芳恵が泣いた-1
昂った気が鎮まり始めると、僕は瑠璃子夫人の肝の太さがわかり始めた。救急隊員がなだれ込み、AEDを老人の胸に当て、顔を顰める。彼をストレッチャーに載せ、夫人を呼んで、事務所から消えて行った。
救急車が来るまでに、夫人は夫の名誉と、芳恵の羞恥、そして閉所間際の事務所の未来を慮った、シナリオを語り始めた。
鴨居老人と芳恵がふたり、事務所で業務をこなしていたところ、鴨居老人が急に胸を掴んで苦しみ出した。慌てて立ち尽くした芳恵の前に、僕らが帰ってきて、心臓マッサージを始める間、救急車を呼んだ。そんな単純なストーリーだが、単純なほどに真実味がある。救急隊員は終始頷いて聞いていた。

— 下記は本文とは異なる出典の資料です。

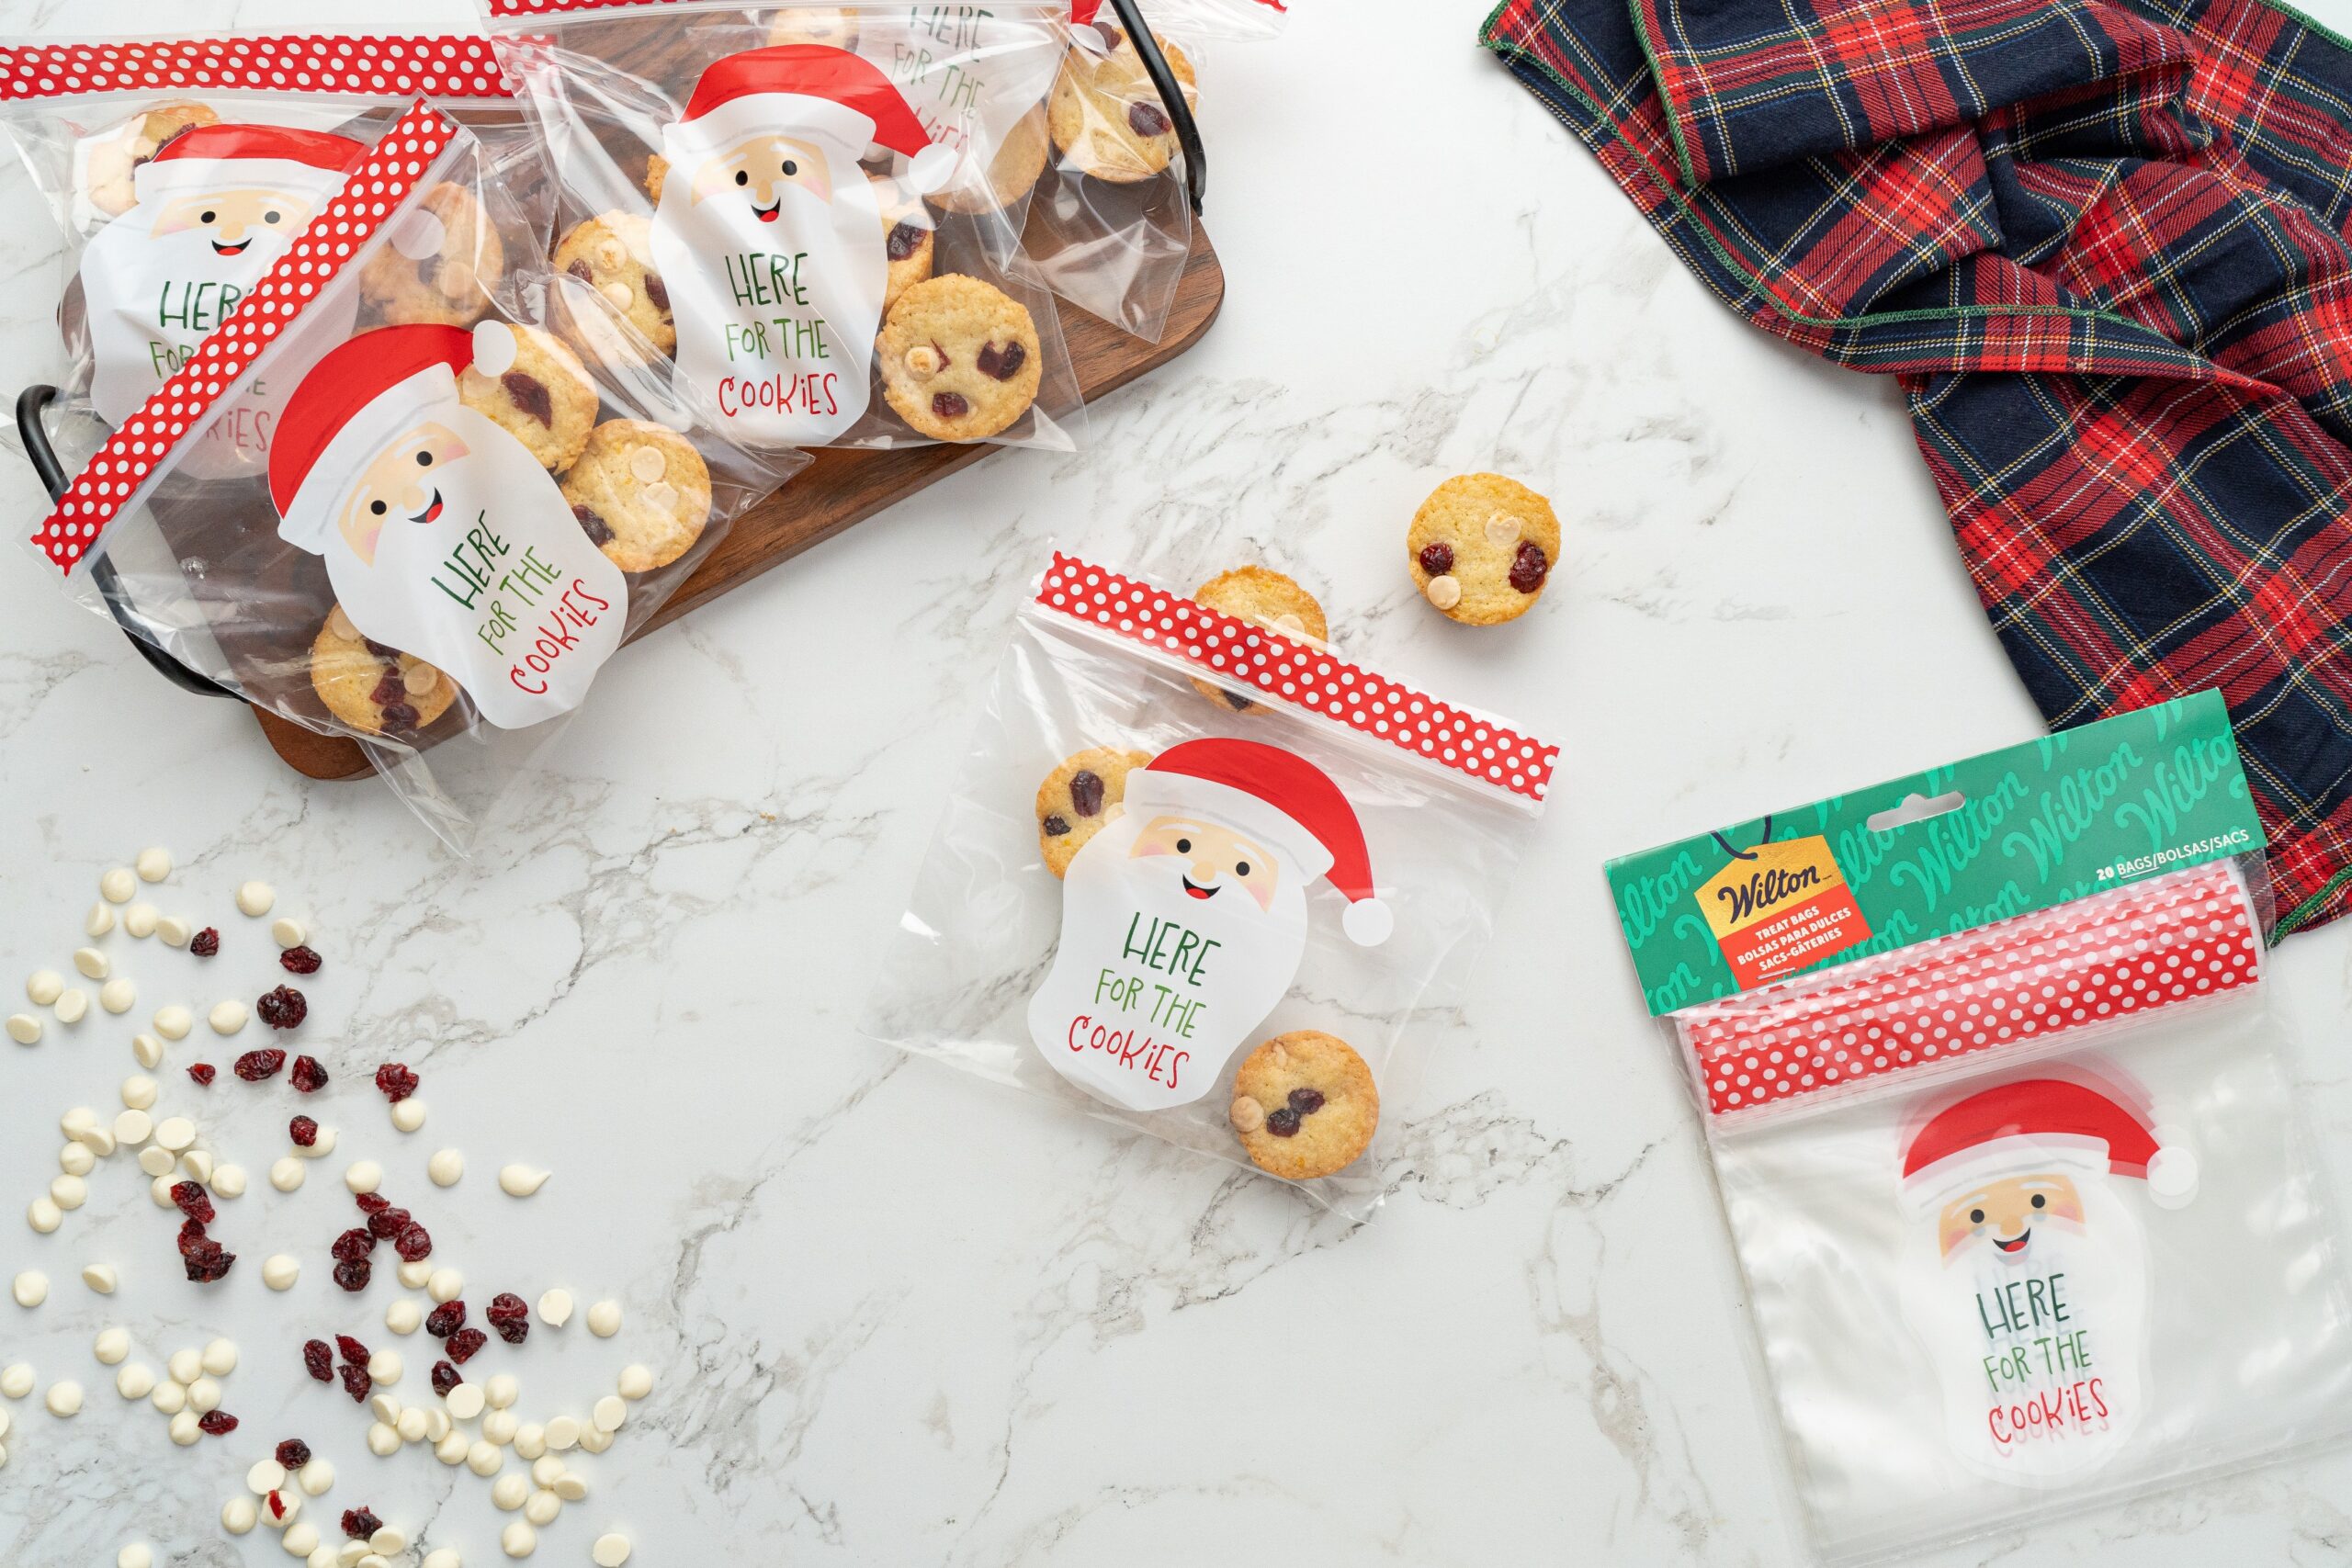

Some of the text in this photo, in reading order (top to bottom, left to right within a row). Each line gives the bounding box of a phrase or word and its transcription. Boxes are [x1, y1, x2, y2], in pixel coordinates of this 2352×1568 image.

人の命の間際が嘘によって覆われることに、少し胸が痛んだものの、僕は考えた。死んだ者のことよりも、生きている人のことを考えるべきだ、と気づいたのだ。
救急車が喧騒と共に去り、残った僕らは互いに目を見合わせる。芳恵が僕に縋りつこうとし、そのちょっと前、ほんの少し前に僕は芳恵を腕に抱こうと両手を差し伸べていた。彼女のカラダは震えている。震えが止まるよう、僕は強く抱きしめた。
どれほど時間が経ったろう、芳恵が目に涙を浮かべながら、ポツリと言った。
「恐かった・・・」
僕は何も言えず、黙ったまま、もう一度強く彼女を抱きしめる。彼女も強く僕に縋りついた。
「もう・・・大丈夫・・・」
芳恵が僕の胸にそっと手を置き、押しのけるようにして、彼女は距離を取った。なぜ?彼女が僕から逃げるような仕草をしたのか?その疑問がすぐに沸き、そしてすぐに彼女の口からその答えを聞いた。
「アタシ・・・先生に・・・レイプされたの・・・」
僕はピクリとも動かなかった老人の股間にある、奇妙なペニスが濡れていたことを思い出した。縛られた彼女の、まるで老人という祭壇に、恥部を捧げるような恰好の芳恵の姿も思い出す。
僕は何も言うなと言わんばかりに、彼女をもう一度引き寄せ、芳恵の顔を僕の胸に押し付ける。芳恵がしずしずと泣き出した。